La primera en prestar testimonio fue la mamá de la víctima, Mónica Cid, quien consideró que el crimen de su hija fue un “claro femicidio”. En este marco, pidió para Luna la mayor pena posible. “Si es perpetua, voy a luchar para que sea efectiva”, adelantó. En la misma línea, mencionó las fallas y trabas con las que se encontró durante los 35 días que duró la búsqueda de Micaela. “Nada estaba preparado para la búsqueda de una niña. La falta de recursos fue nefasta. No había ni presupuesto para hacer fotocopias color de la foto para difundirla”, recordó. Luego, en su declaración ante los jueces, Cid se quebró al recordar a Micaela y al relatar cómo fue que se sucedieron los hechos que terminaron con su vida. “Mi hija nada pudo decidir. No le alcanzaron las fuerzas para defenderse del ataque, de quien la golpeó salvajemente y la ahorcó con su remera. Luego la ató de pies y manos, intentó abusarla, le robó y la dejó tirada en el campo. Allí, Micaela, solo esperaba ser reencontrada”, relató entre llantos la mujer. Antes de salir, Luna, a través de su abogado, pidió no volver a estar en las audiencias hasta que llegue el momento de los alegatos.

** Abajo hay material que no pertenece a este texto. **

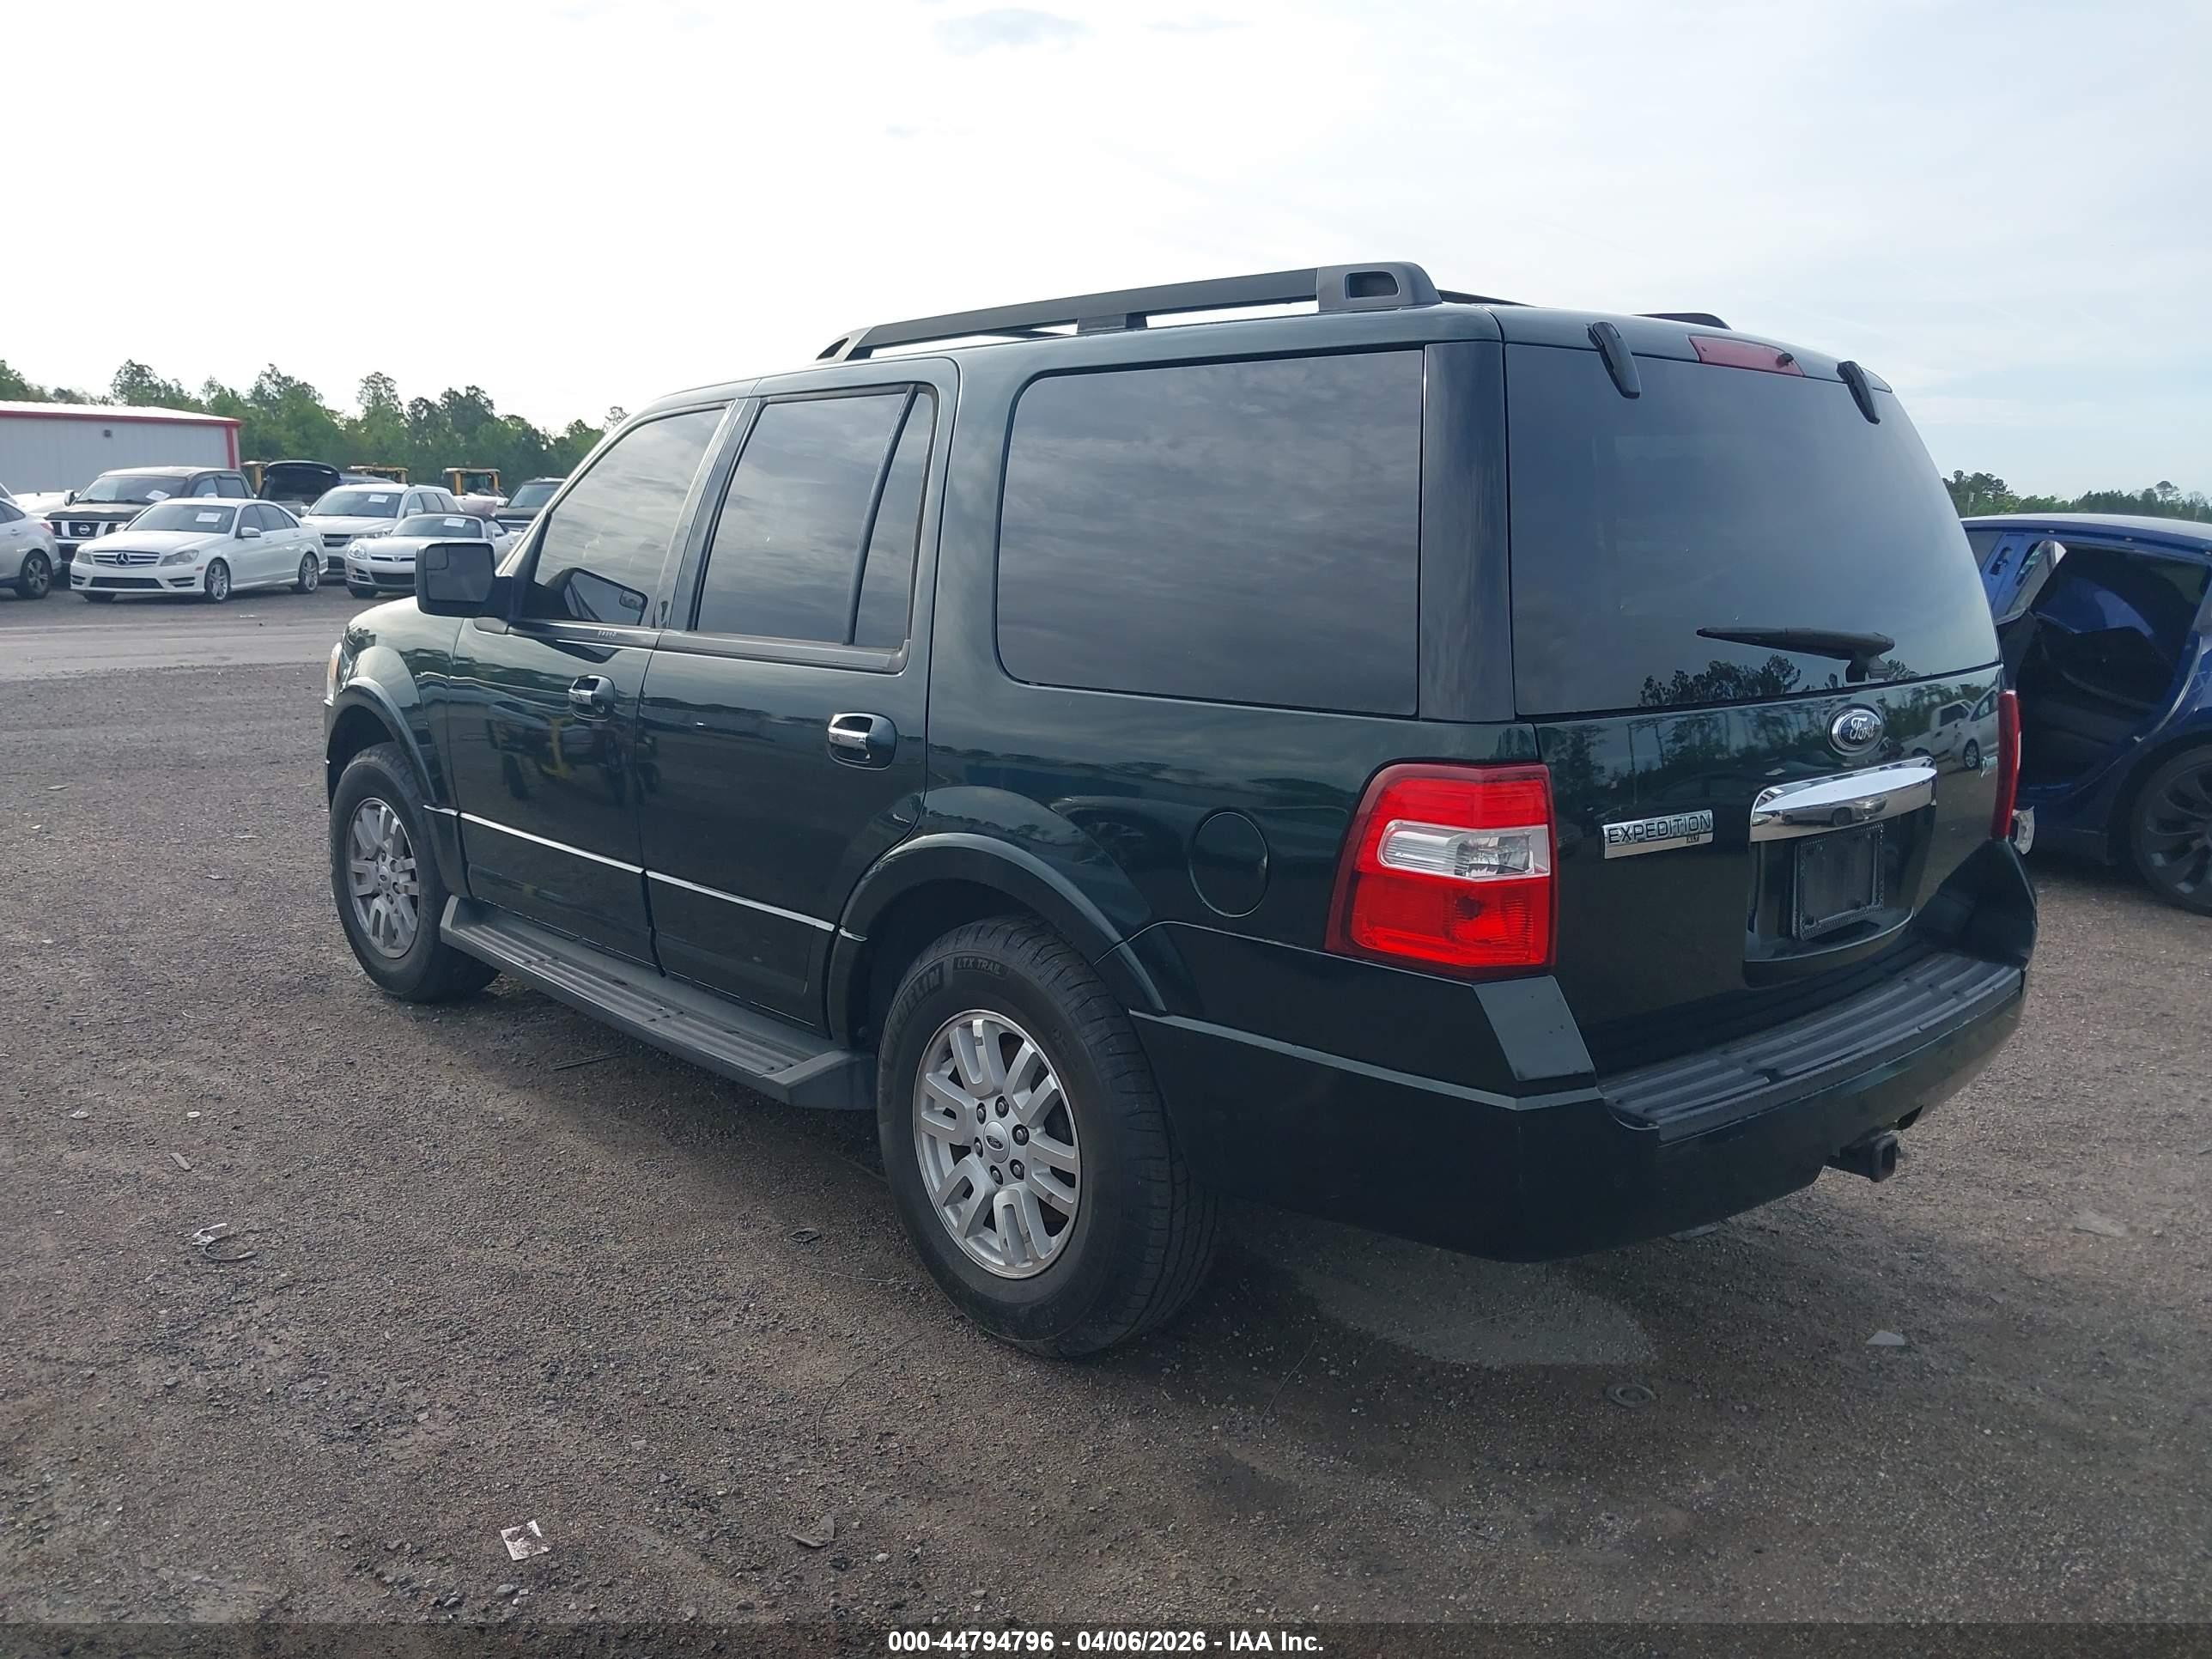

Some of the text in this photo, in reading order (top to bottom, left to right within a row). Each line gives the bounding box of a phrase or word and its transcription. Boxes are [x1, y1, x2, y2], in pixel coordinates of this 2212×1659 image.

Micaela fue hallada el 28 de mayo del año pasado, asfixiada en un descampado de difícil acceso en las afueras de la ciudad, al que se llegó por datos aportados por el propio Luna. La niña desapareció el sábado 23 de abril para encontrarse, supuestamente, con una chica de su edad, amiga de Facebook, que al final resultó ser Luna. El proceso se reanudará hoy por la mañana. Se espera que declaren un testigo de identidad reservada y María Espinosa, la concubina de Luna. Durante la instrucción, la mujer, 30 años mayor que el acusado, aportó indicios clave que llevaron a su imputación. Entre otras cosas, recordó que un día en el que llegó todo mojado y embarrado y no le quiso explicar qué había ocurrido y que luego realizó un comentario incriminatorio, al ver que por televisión difundían el caso de la desaparición de Micaela.